Minneapolis is burning with righteous fury stripped raw of nuance after the ICE-involved shooting that left Renee Nicole Good dead earlier this month, and Americans are watching in anger as Democrat leaders spin and excuse chaos instead of enforcing the law. Footage and reporting show tense encounters between federal officers and crowds, with demonstrators blocking vehicles and hurling fireworks and projectiles at agents sent to do a dangerous job. The city’s downtown has seen nightly confrontations that would be intolerable in any community that values order and safety.
Federal law enforcement has reported physical attacks on agents and arrests of armed agitators who showed up ready to escalate violence, making a mockery of narratives that paint these mobs as harmless “peaceful protesters.” DHS officials confirmed assaults on officers and arrests after officers were ambushed, and local commanders have had to use crowd-control measures to prevent further bloodshed. This isn’t about speech; it’s about people plotting to intimidate and injure the federal employees who enforce our laws.

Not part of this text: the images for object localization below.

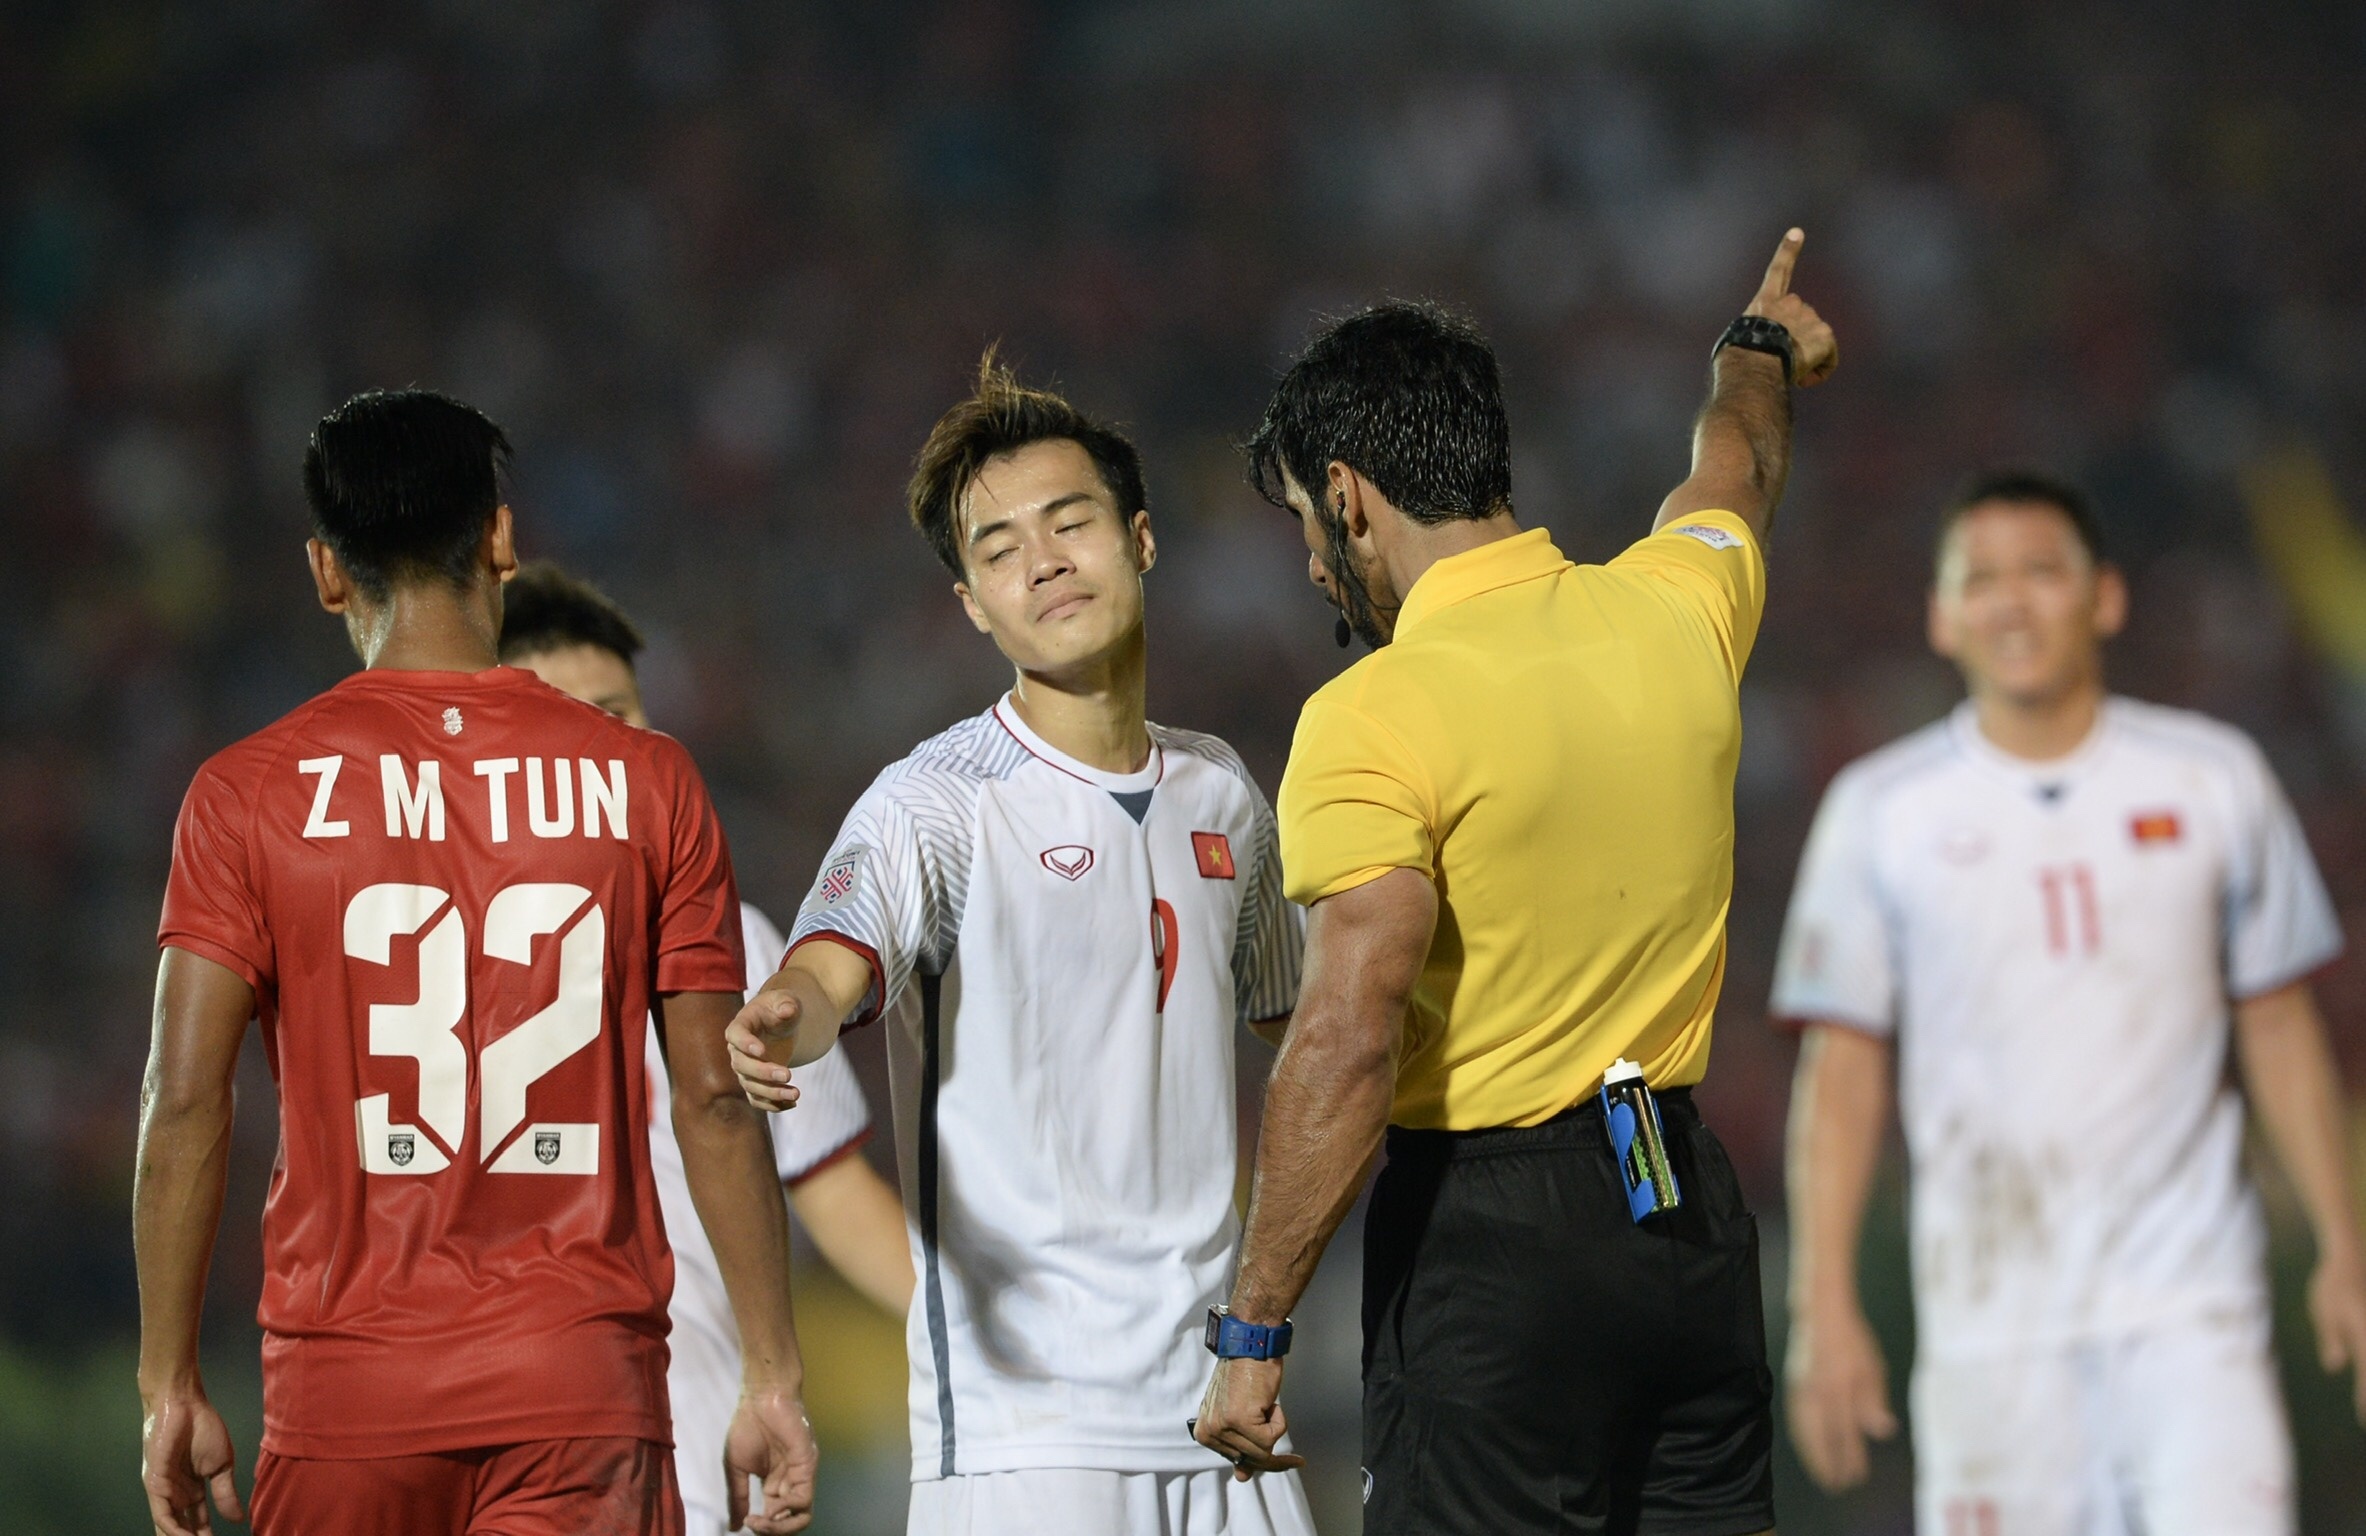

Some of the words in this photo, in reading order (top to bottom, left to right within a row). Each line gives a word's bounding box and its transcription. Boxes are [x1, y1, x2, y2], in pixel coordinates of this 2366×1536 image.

[298, 753, 350, 838] Z
[379, 753, 446, 842] M
[473, 756, 630, 843] TUN
[1150, 898, 1179, 1013] 9
[2038, 863, 2102, 957] 11
[343, 883, 605, 1175] 32

President Trump’s warning that he may invoke the Insurrection Act to restore order in Minnesota was slammed by coastal elites and career pundits as extreme, but any leader who loves this country should be prepared to use every lawful tool to protect citizens and federal officers. The Insurrection Act is an eighteenth-century guardrail for modern breakdowns of authority, and presidents of both parties have used extraordinary powers to reassert the rule of law when local governments surrendered the streets. If state officials refuse to stop political theater and let mobs attack federal personnel, Washington has a duty to act.
Minnesota’s Democratic leaders have been predictably performative — calling for calm while simultaneously demonizing federal agents and encouraging activists who block law enforcement. Governor Tim Walz and Minneapolis Mayor Jacob Frey have begged for de-escalation, but their rhetoric and the city’s policies created a vacuum that invited violence and left hardworking residents vulnerable. Republicans in Washington are split about invoking the Act, but the real split is between those who want order and those who profit politically from chaos.

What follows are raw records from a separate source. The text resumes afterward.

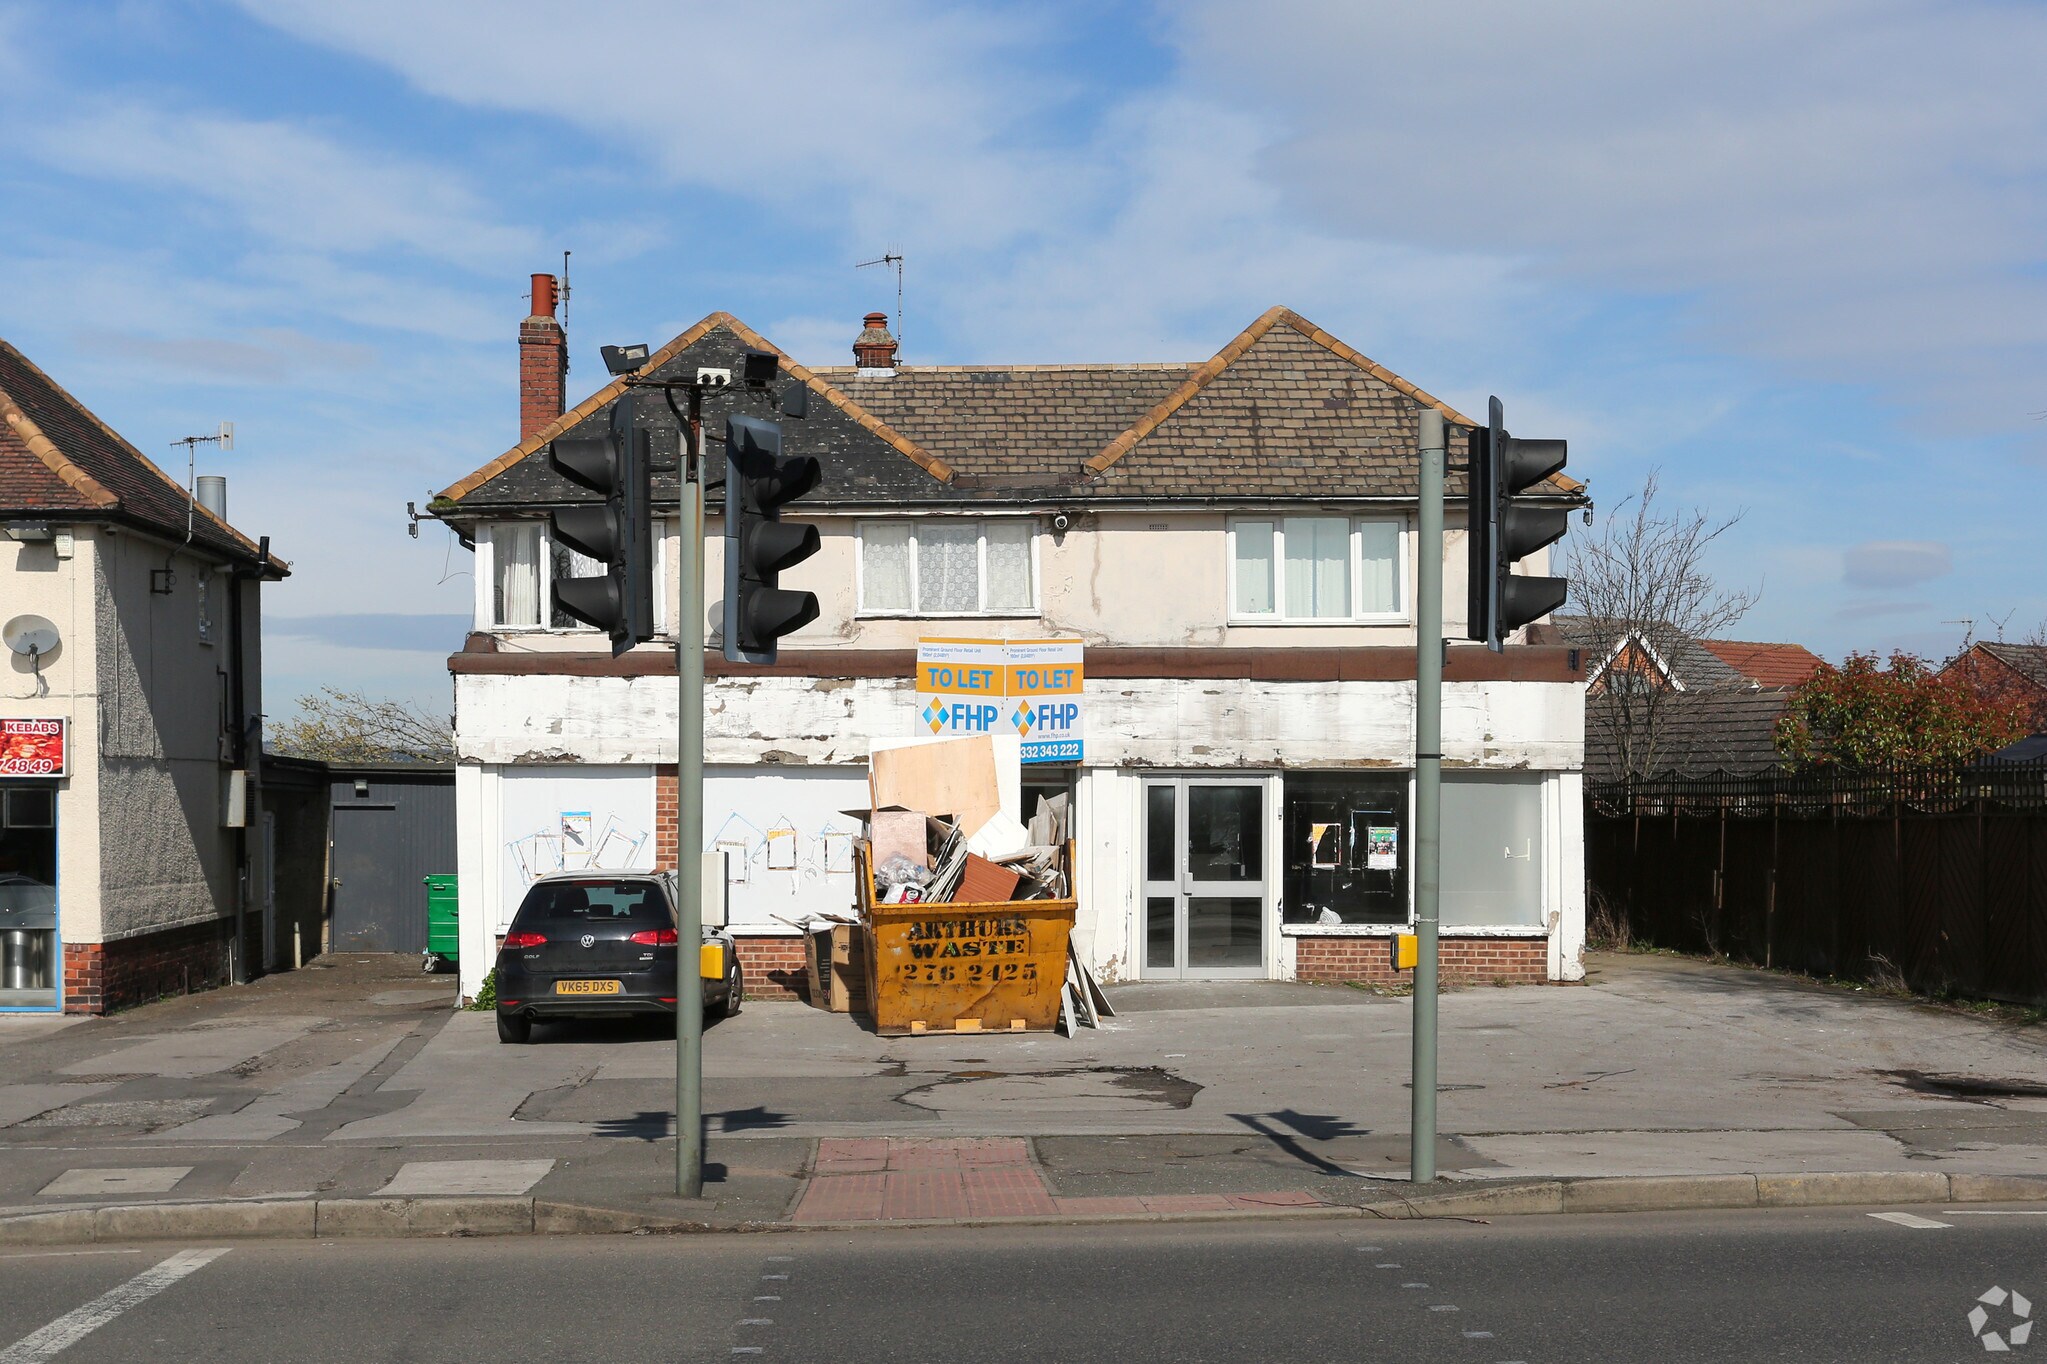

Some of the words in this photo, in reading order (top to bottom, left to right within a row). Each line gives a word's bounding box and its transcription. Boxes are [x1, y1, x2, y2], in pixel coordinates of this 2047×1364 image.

[928, 668, 953, 688] TO
[957, 669, 993, 689] LET
[1016, 669, 1039, 689] TO
[1043, 669, 1074, 689] LET
[951, 703, 998, 732] FHP
[1037, 703, 1079, 731] FHP
[6, 722, 59, 734] KEBABS
[1037, 732, 1071, 740] www.fhp.co.uk
[1040, 744, 1058, 757] 343
[1060, 743, 1079, 756] 222
[907, 918, 1027, 940] ARTHURS
[908, 940, 1025, 959] WASTE
[904, 963, 955, 981] 276
[968, 963, 1037, 981] 2425
[561, 981, 590, 992] VK65
[592, 981, 614, 992] DXS

Make no mistake: ICE agents don’t wake up wanting headlines. They do dangerous, thankless work to stop traffickers, rapists, and violent criminal aliens from preying on American neighborhoods. When the Left turns targeting federal officers into a policy platform, it’s not protest — it’s intimidation, and the first duty of government is to protect its people and the people who protect them. Conservative Americans should stand unapologetically with law enforcement and reject the moral inversion that treats attackers as victims.
Calling for federal help in the face of lawlessness isn’t authoritarianism — it’s patriotism. The alternative is a slow surrender of our towns to those who would replace liberty with mob rule and who weaponize compassion into chaos. Leaders who hesitate in that moment are not showing prudence; they are betting the safety of ordinary citizens on fashionable ideology.
This is a test of will and values. If Republicans want to govern, they must stop equivocating and support decisive enforcement, hold local officials accountable, and ensure federal officers have the backing they deserve. Americans who work, pay taxes, and want safe streets will remember who protected them when the choice was between order and anarchy.